## [Work to be completed]
Begin at the line with "this 1880×942 image." and output every line through the end of the records, exactly as given. Omit pictures.

## [Data extracts]
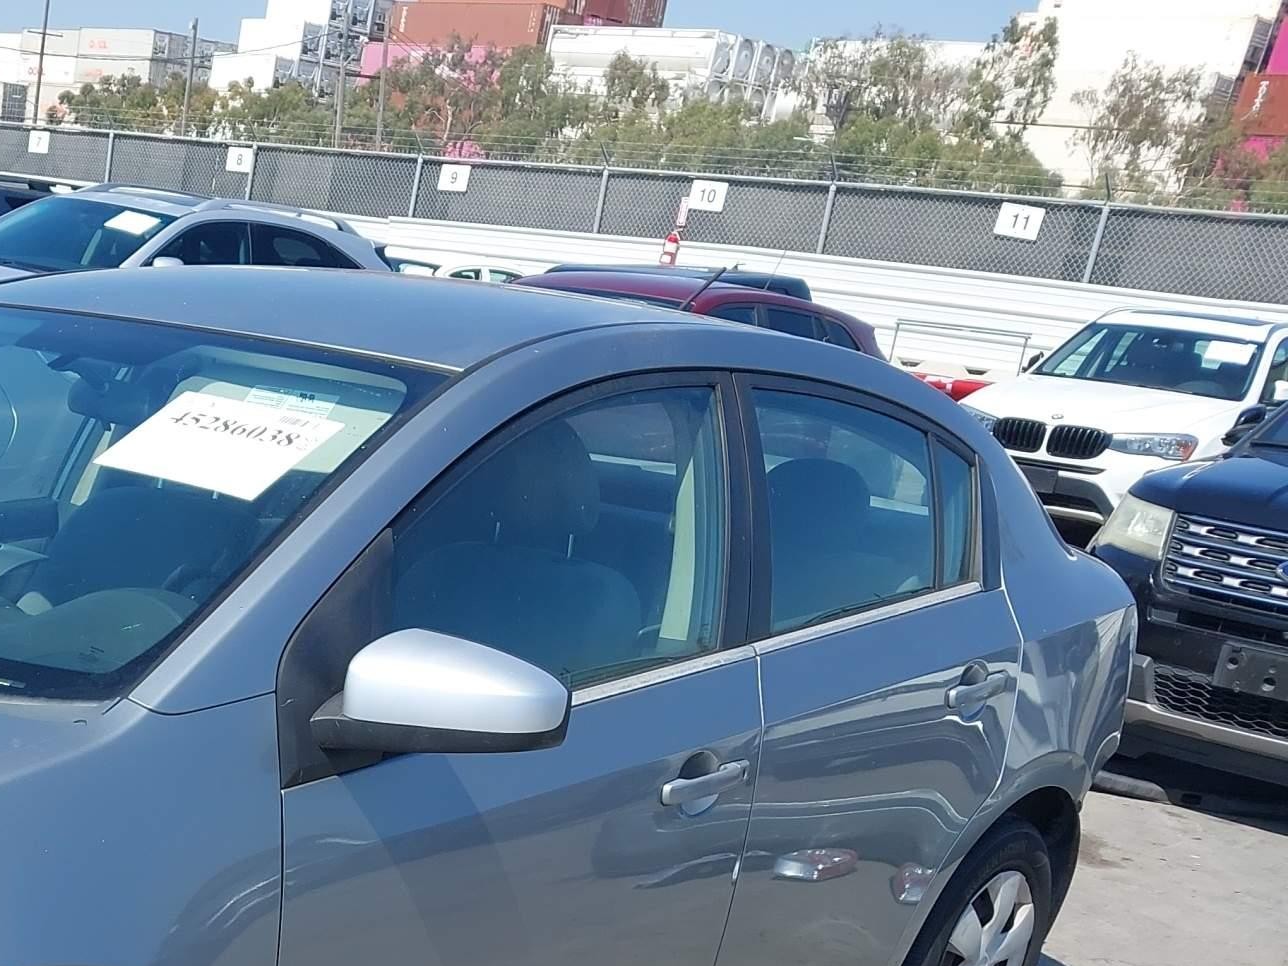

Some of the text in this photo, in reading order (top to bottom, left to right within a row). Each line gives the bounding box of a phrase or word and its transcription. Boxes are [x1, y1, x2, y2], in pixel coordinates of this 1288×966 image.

[35, 136, 43, 148] 7
[236, 153, 244, 166] 8
[449, 171, 458, 185] 9
[699, 188, 717, 203] 10
[1012, 213, 1030, 230] 11
[169, 410, 301, 446] 45286038
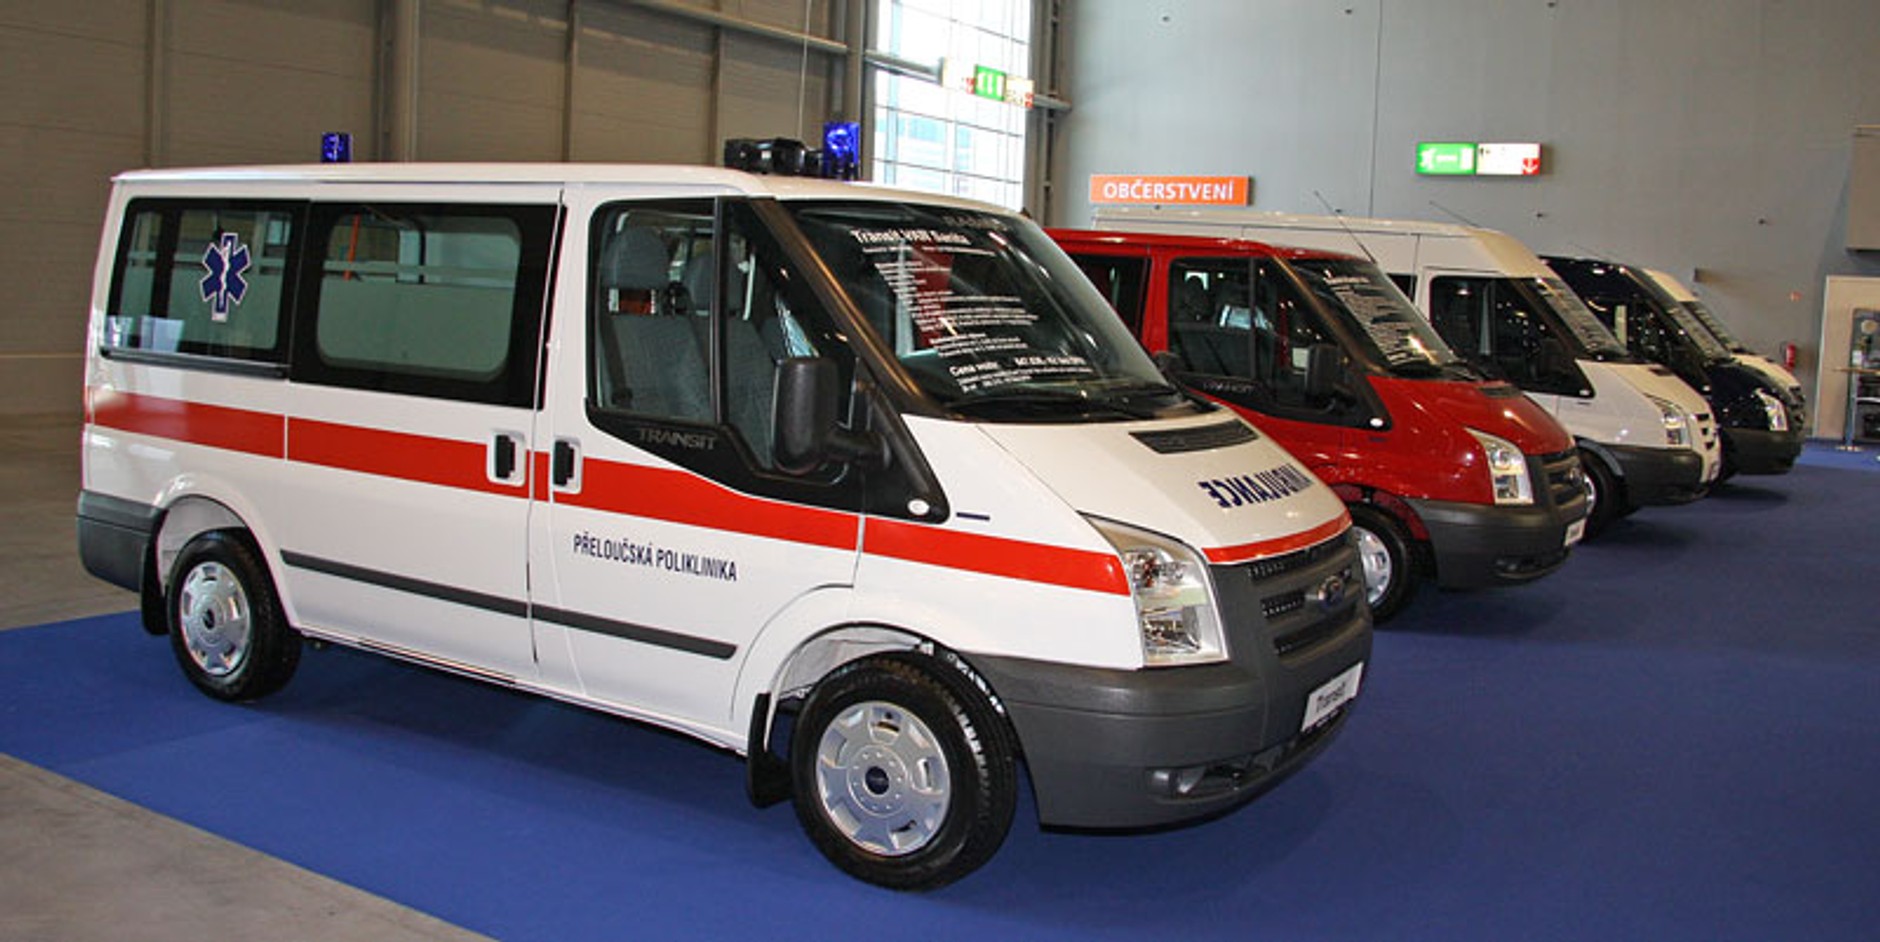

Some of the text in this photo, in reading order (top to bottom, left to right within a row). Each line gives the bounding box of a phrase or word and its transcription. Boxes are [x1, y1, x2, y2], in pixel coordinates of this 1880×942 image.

[1103, 179, 1234, 200] OBČERSTVENÍ
[639, 428, 717, 450] TRANSIT
[573, 531, 738, 582] PŘELOUČSKÁ POLIKLINIKA
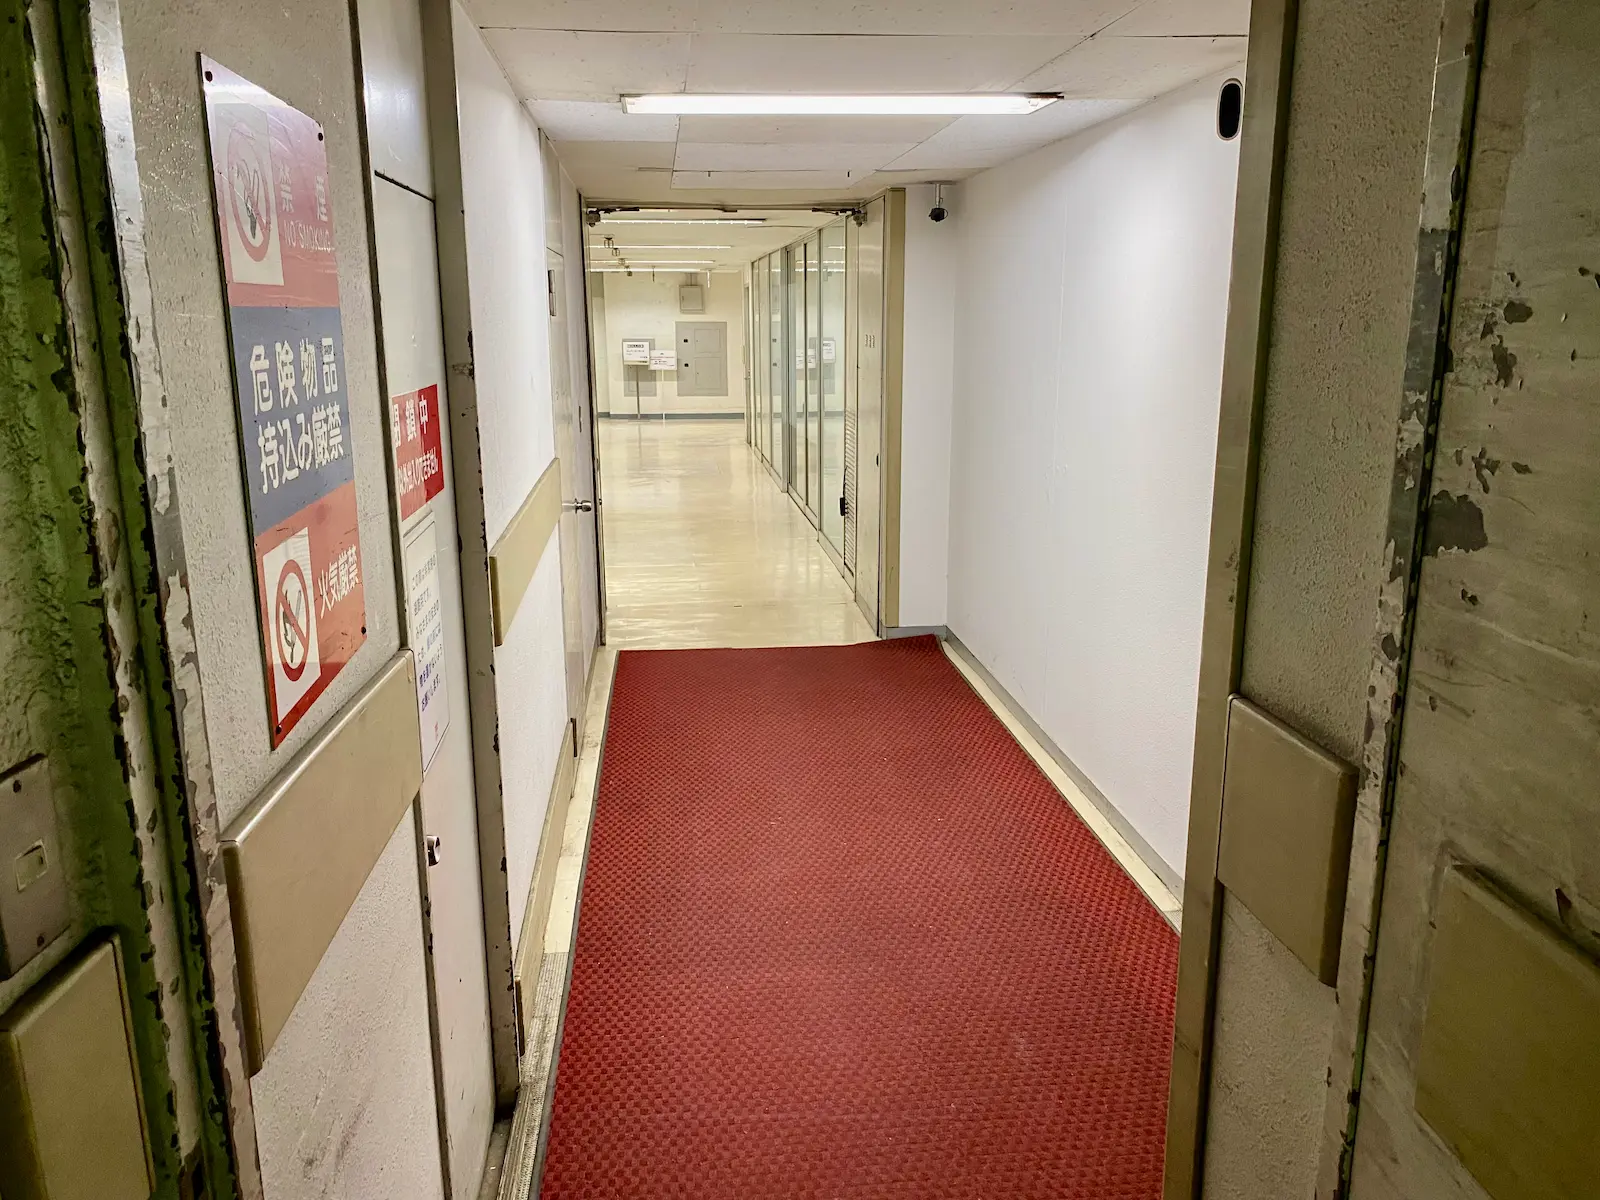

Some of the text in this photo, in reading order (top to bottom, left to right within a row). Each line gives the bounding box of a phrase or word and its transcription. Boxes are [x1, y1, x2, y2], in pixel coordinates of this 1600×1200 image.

## [Exercise answer]
Some of the text in this photo, in reading order (top to bottom, left to right within a row). Each line gives the bounding box of a phrase or word and its transcription. Boxes are [x1, y1, x2, y2], in pixel coordinates of this 1880×942 image.

[1103, 179, 1234, 200] OBČERSTVENÍ
[639, 428, 717, 450] TRANSIT
[573, 531, 738, 582] PŘELOUČSKÁ POLIKLINIKA

Some of the text in this photo, in reading order (top to bottom, left to right within a row). Each line gives the bounding box of a phrase or word and its transcription. Boxes are [x1, y1, x2, y2], in pixel coordinates of this 1600×1200 image.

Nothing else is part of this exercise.